**SUPPLIED MATERIAL:**
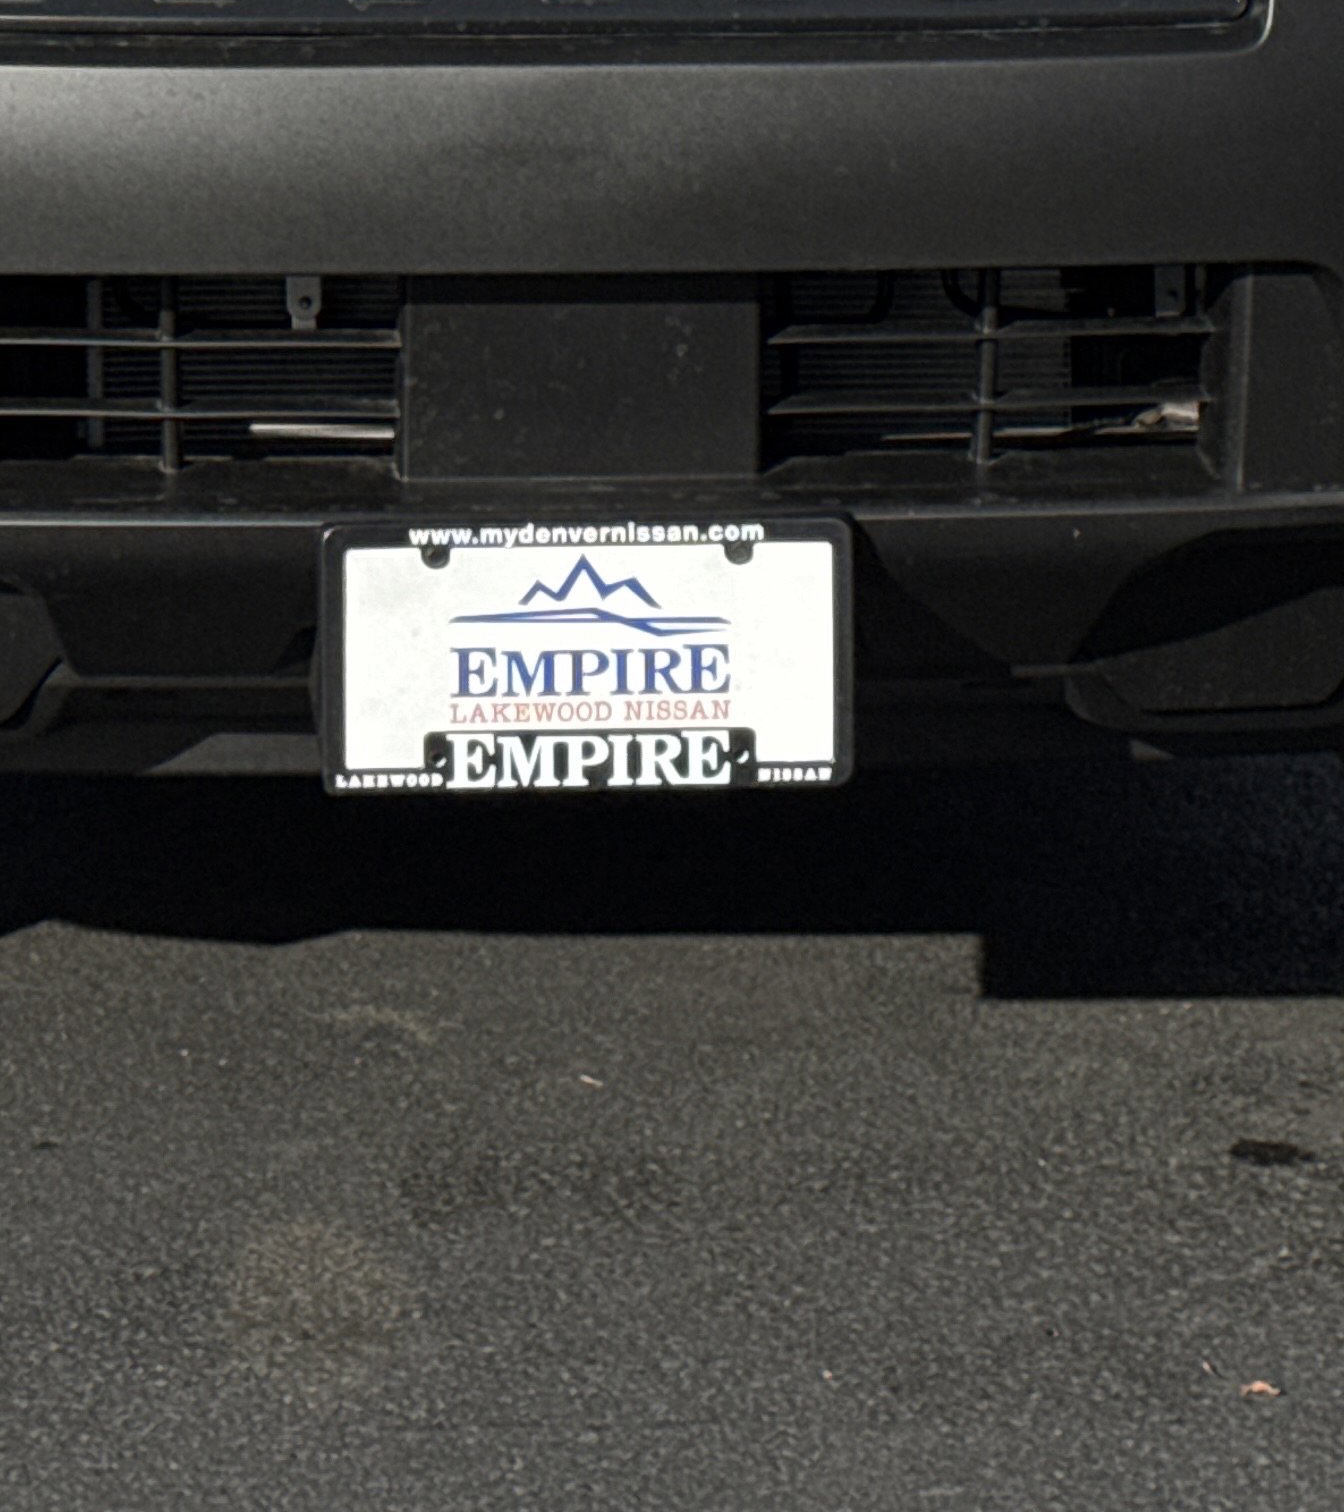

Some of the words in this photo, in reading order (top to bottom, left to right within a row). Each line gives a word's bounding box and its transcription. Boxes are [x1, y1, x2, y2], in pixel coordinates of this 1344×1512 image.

[408, 522, 765, 548] www.mydenvernissan.com
[449, 643, 732, 698] EMPIRE
[450, 701, 613, 724] LAKEWOOD
[623, 698, 732, 721] NISSAN
[445, 729, 732, 789] EMPIRE
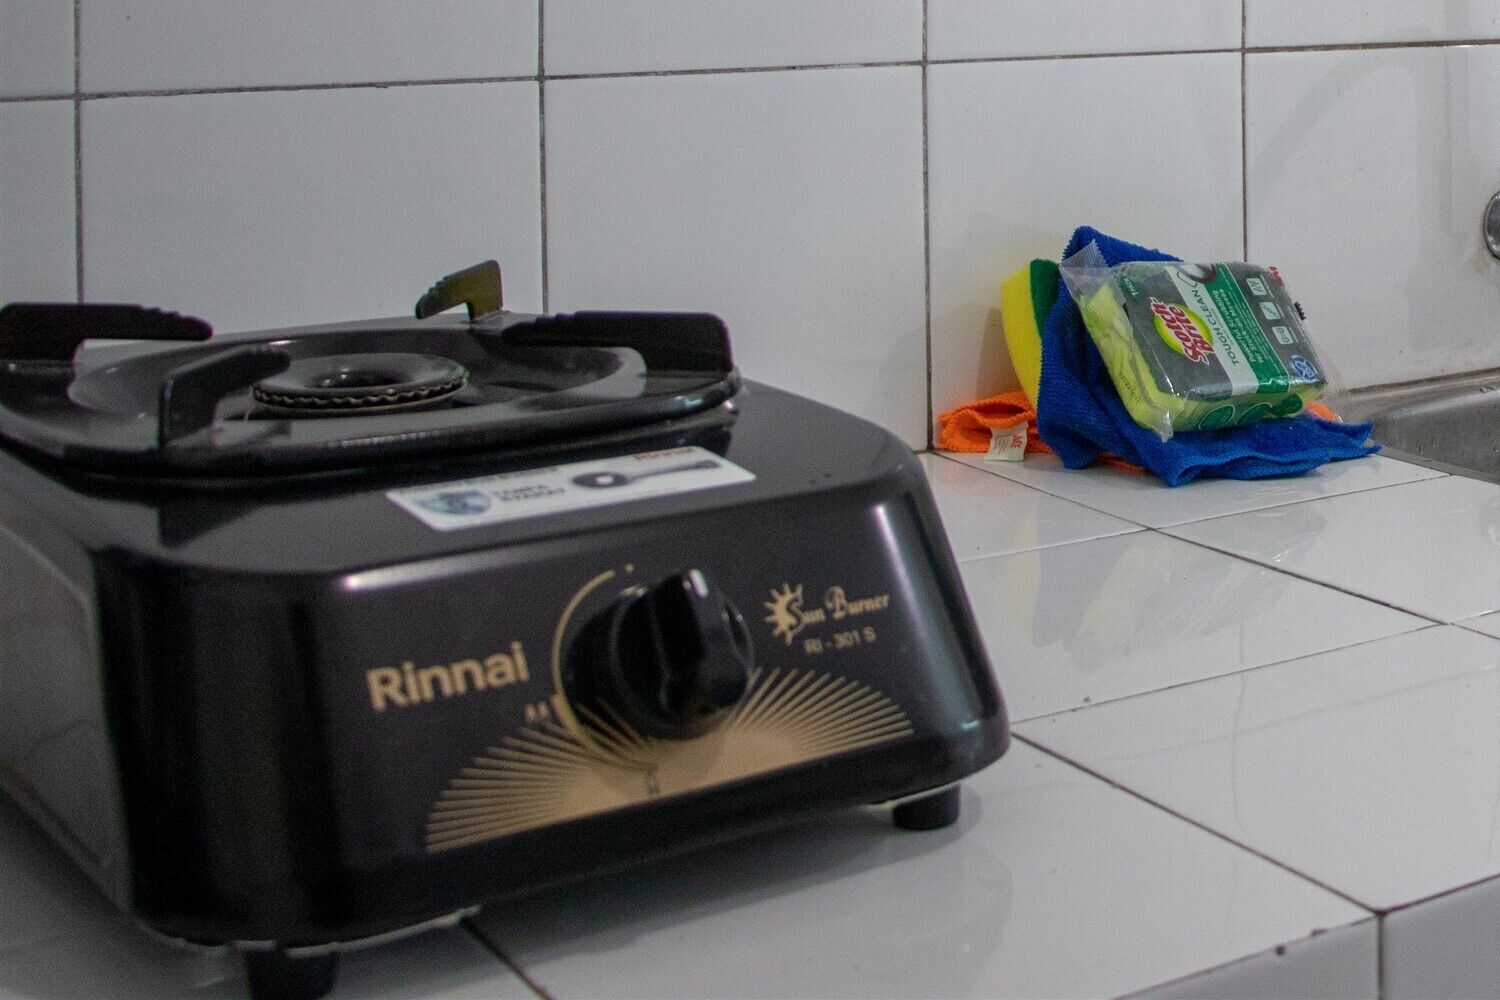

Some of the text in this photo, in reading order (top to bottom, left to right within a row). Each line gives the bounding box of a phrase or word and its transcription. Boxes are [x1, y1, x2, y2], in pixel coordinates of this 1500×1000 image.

**WORK TASK:** Repeat the listing above verbatim, but exclude the pictures it contains.

**ANSWER SPACE:**
Some of the words in this photo, in reading order (top to bottom, left to right within a row). Each line gives a word's bounding box and its transcription. Boxes are [x1, y1, x2, y2], in pixel coordinates of this 1344×1512 image.

[408, 522, 765, 548] www.mydenvernissan.com
[449, 643, 732, 698] EMPIRE
[450, 701, 613, 724] LAKEWOOD
[623, 698, 732, 721] NISSAN
[445, 729, 732, 789] EMPIRE

Some of the text in this photo, in reading order (top to bottom, left to right within a row). Each line gives the bounding box of a phrase or word and its transcription. Boxes are [x1, y1, x2, y2], in pixel coordinates of this 1500×1000 image.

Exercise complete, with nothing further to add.